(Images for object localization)
=== Section Start ===

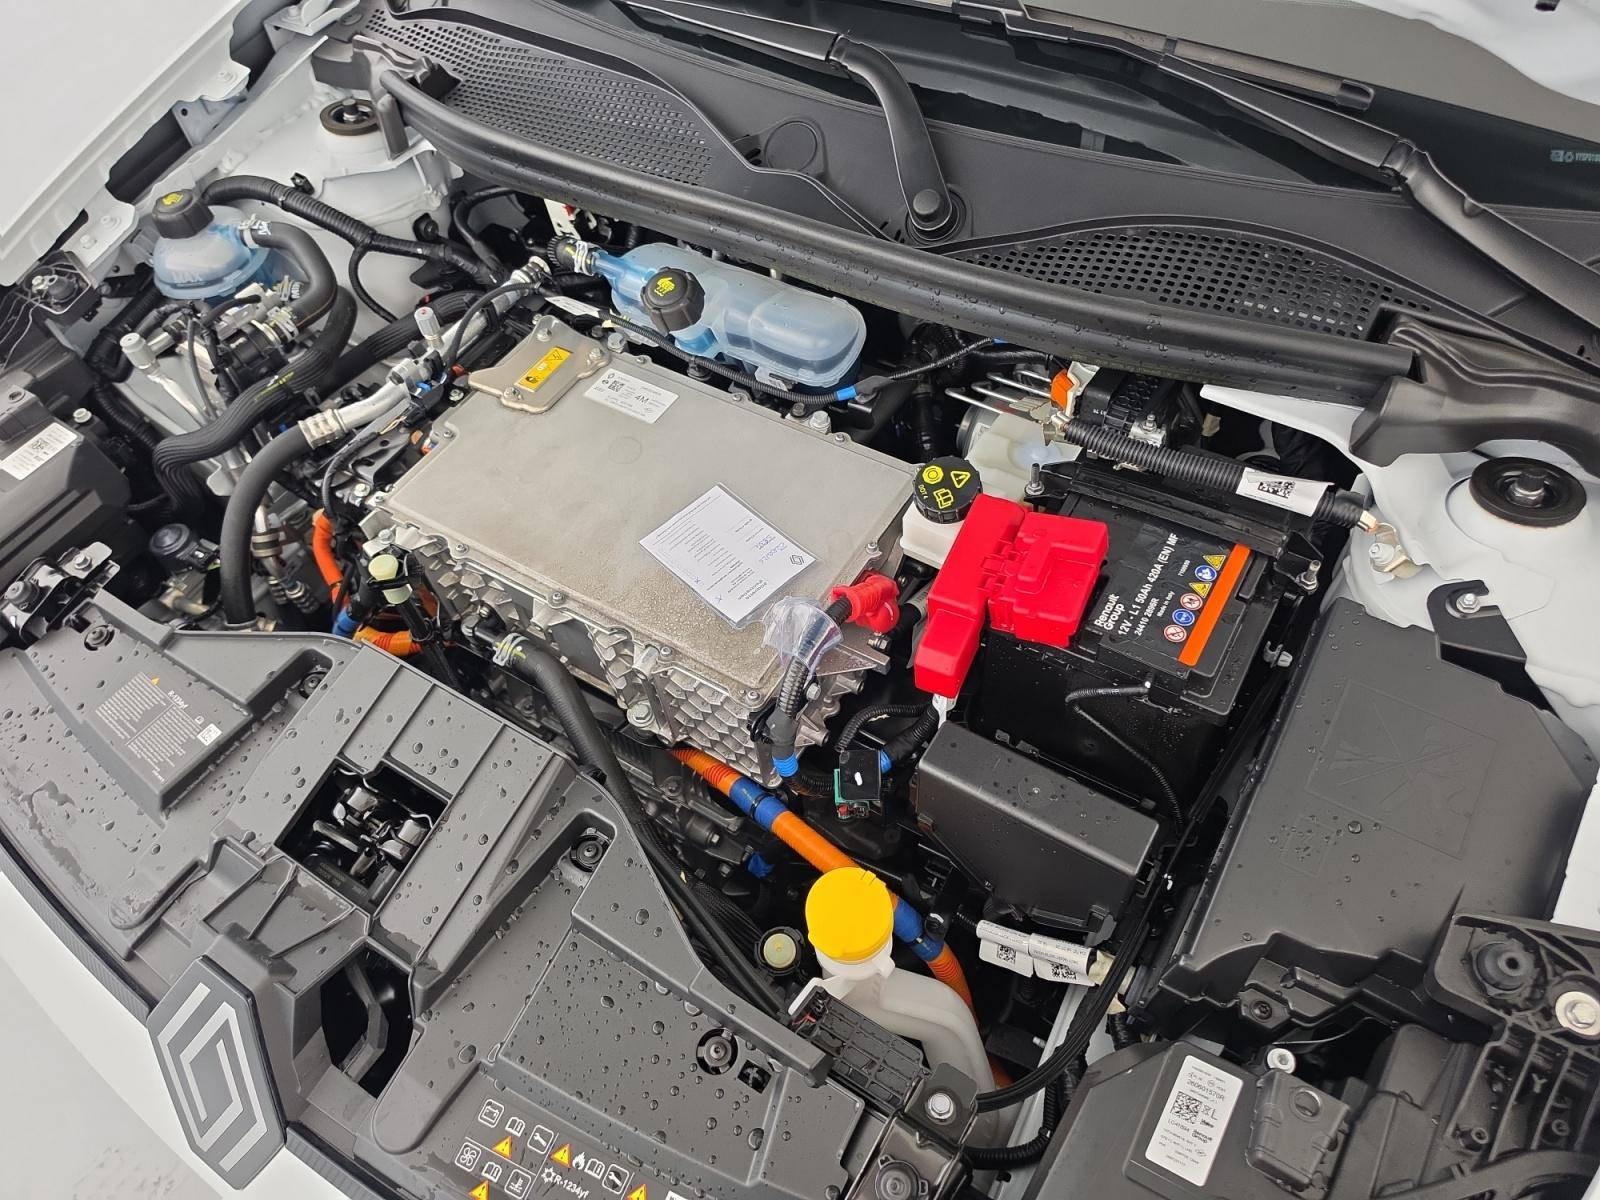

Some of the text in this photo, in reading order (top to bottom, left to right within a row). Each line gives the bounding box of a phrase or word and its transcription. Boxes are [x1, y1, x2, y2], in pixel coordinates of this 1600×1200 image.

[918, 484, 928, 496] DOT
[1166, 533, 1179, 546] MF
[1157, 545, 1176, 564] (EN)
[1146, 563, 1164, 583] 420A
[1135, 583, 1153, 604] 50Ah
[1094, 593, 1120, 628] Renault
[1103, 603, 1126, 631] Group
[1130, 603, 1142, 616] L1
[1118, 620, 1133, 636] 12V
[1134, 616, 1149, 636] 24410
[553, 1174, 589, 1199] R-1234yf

=== Section End ===

:: Task description ::
Word for word, restate all of the records. Exclude the pictures.

:: Exercise answer ::
Some of the text in this photo, in reading order (top to bottom, left to right within a row). Each line gives the bounding box of a phrase or word and its transcription. Boxes are [x1, y1, x2, y2], in pixel coordinates of this 1600×1200 image.

[918, 484, 928, 496] DOT
[1166, 533, 1179, 546] MF
[1157, 545, 1176, 564] (EN)
[1146, 563, 1164, 583] 420A
[1135, 583, 1153, 604] 50Ah
[1094, 593, 1120, 628] Renault
[1103, 603, 1126, 631] Group
[1130, 603, 1142, 616] L1
[1118, 620, 1133, 636] 12V
[1134, 616, 1149, 636] 24410
[553, 1174, 589, 1199] R-1234yf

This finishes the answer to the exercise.